Les prévenus Lassina Ouédraogo et Paul Sawadogo rentrent à la maison
Cette notification n’ayant pas été faite, le débat peut donc se poursuivre, a requis le parquet qui a insisté que nulle part ailleurs il n’est écrit que c’est à la partie demanderesse que revient la charge de la notification. Il en est de même pour ce qui est de la requête aux fins de récusation déposée auprès de la Cour d’appel. Se basant sur les dispositions de l’article 650 qui dispose que : « Le président de la Cour d’appel notifie en la forme administrative la requête dont il a été saisi au président de la juridiction à laquelle appartient le magistrat récusé. La requête en récusation ne dessaisit pas le magistrat dont la récusation est proposée. Toutefois, le président de la Cour d’appel peut, après avis du procureur général, ordonner qu’il sera sursis, soit à la continuation de l’information ou des débats, soit au prononcé du jugement », les avocats ont demandé au président de tirer toutes les conséquences.
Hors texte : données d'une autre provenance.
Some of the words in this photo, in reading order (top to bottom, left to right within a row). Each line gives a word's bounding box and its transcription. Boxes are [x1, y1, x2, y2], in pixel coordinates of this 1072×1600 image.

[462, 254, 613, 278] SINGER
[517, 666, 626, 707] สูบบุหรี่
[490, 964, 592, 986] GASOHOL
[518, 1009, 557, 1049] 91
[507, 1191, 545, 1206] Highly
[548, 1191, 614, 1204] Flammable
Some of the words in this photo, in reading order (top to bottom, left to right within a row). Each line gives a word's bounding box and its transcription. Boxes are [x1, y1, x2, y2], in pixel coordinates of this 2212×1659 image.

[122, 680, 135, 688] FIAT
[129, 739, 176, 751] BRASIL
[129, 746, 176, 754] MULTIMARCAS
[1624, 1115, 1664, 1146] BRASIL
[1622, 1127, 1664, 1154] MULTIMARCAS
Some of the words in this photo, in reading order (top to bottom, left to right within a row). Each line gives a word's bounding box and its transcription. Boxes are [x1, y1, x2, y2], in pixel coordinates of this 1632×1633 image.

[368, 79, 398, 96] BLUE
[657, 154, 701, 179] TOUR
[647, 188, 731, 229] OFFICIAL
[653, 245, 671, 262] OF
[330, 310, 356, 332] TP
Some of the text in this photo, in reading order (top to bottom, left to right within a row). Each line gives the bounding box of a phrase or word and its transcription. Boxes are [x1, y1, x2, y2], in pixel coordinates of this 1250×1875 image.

Sur cette question, les avocats de la partie civile interviendront pour dire qu’aucune conséquence juridique ne peut être tirée. C’est sur ces débats que Seydou Ouédraogo a suspendu l’audience. Il était 11h 20mn. L’audience a repris à 16h et n’a duré qu’une quinzaine de minutes. Le tribunal a délibéré sur les mémoires déposés par la SCPA Ouattara, Sory, Salembéré qui ont trait aux questions de procédure. Le tribunal s’est déclaré incompétent. Relativement à l’irrégularité de la citation à comparaître des deux prévenus, le tribunal a effectivement annulé ces citations. Les deux personnes rentrent donc à la maison . Pour ce qui est de la récusation du Président du Tribunal militaire, comme il l’a soulevé auparavant, Seydou Ouédraogo a dit attendre la notification de la Cour de cassation, seul acte qui a un effet suspensif. Mais comme il n’a pas encore reçu cet acte, le Président du tribunal a affirmé que l’audience se poursuit aujourd’hui à 9h, par l’examen et la discussion de la liste des témoins.
Adama SIGUE, Françoise DEMBELE
Me Olivier Yelkouny, Avocat du Général Gilbert Diendéré
« Nous sommes dans l’attente de la notification de la requête au Président du tribunal »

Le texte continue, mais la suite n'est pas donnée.